FIG. 21 illustrates the inhibitory effects of various drugs on the formation of thrombus in sheared-activated whole blood. In general, six μL of diluted drug solution was mixed with six mL of phosphate buffered saline and one hundred thirty-two μL of citrated blood at room temperature. Total incubation time for Eptifibatide was sixty minutes and one hundred twenty minutes for Platel. Six mL of one hundred twenty-five mM CaCl2 was added to the blood-drug mixtures immediately prior to shear activation. Final concentrations of the drug in the blood-drug mixtures were as follows: 0.004 μg/μl for Eptifibatide (COR Therapeutics, Inc.), 0.02 μg/μl for Platel (Otsuka Pharmaceuticals), 0.05 μg/μl for Hirudin (Sigma), and 0.05 μg/μl for Hirudin fragment 54-65 (Sigma).
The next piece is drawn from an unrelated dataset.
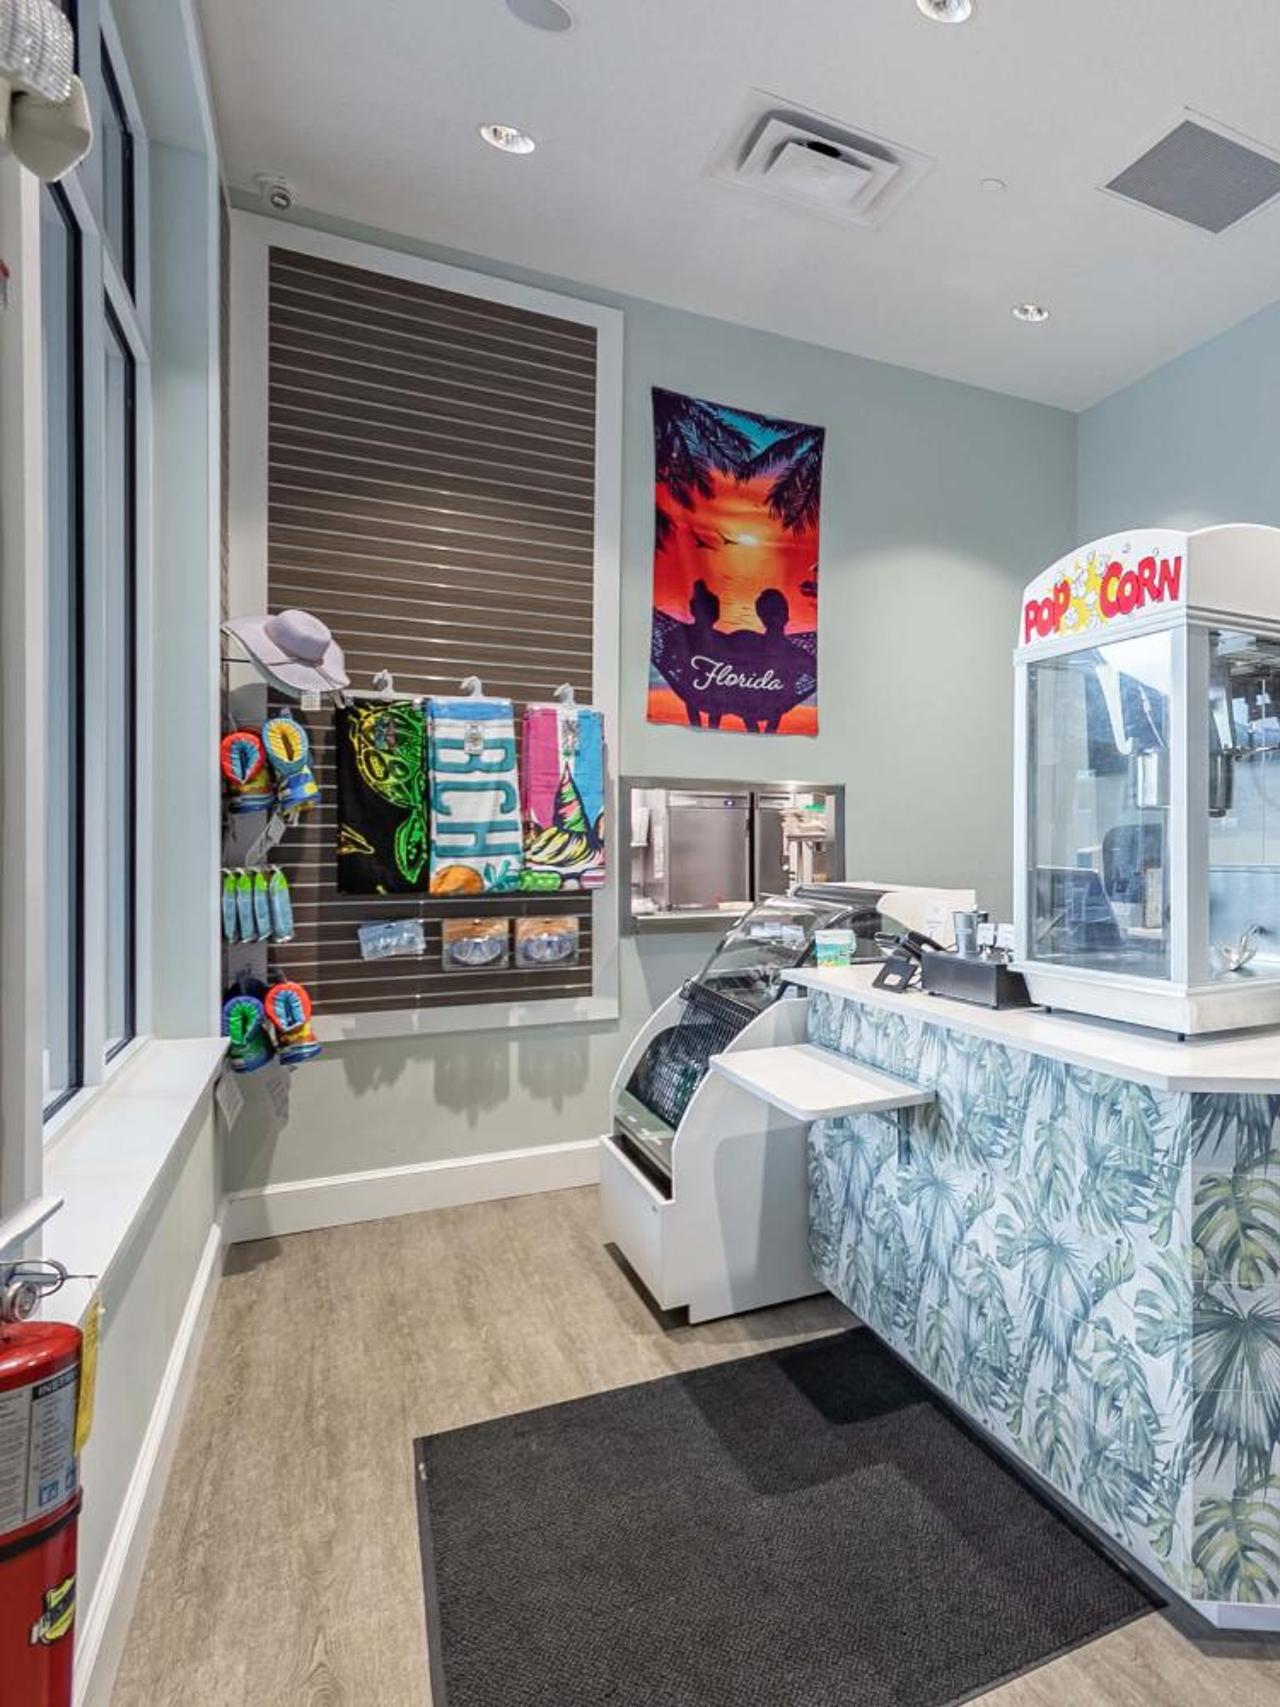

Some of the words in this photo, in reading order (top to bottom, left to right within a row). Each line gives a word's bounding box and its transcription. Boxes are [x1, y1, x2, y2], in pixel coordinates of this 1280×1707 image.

[1025, 579, 1071, 645] POP
[1100, 556, 1182, 618] CORN
[690, 655, 784, 690] Florida
 While a particular form of the invention has been illustrated and described, it will also be apparent to those skilled in the art that various modifications can be made without departing from the scope of the invention. More specifically, it should be clear that the present invention is not limited to the disclosed methods and devices. Additionally, any of a variety of designs and applications of test devices and methods can benefit from the present invention. Further, the dimensions and materials referenced herein are by way of example only and not intended to be limiting. Accordingly, it is not intended that the invention be limited, except as by the appended claims.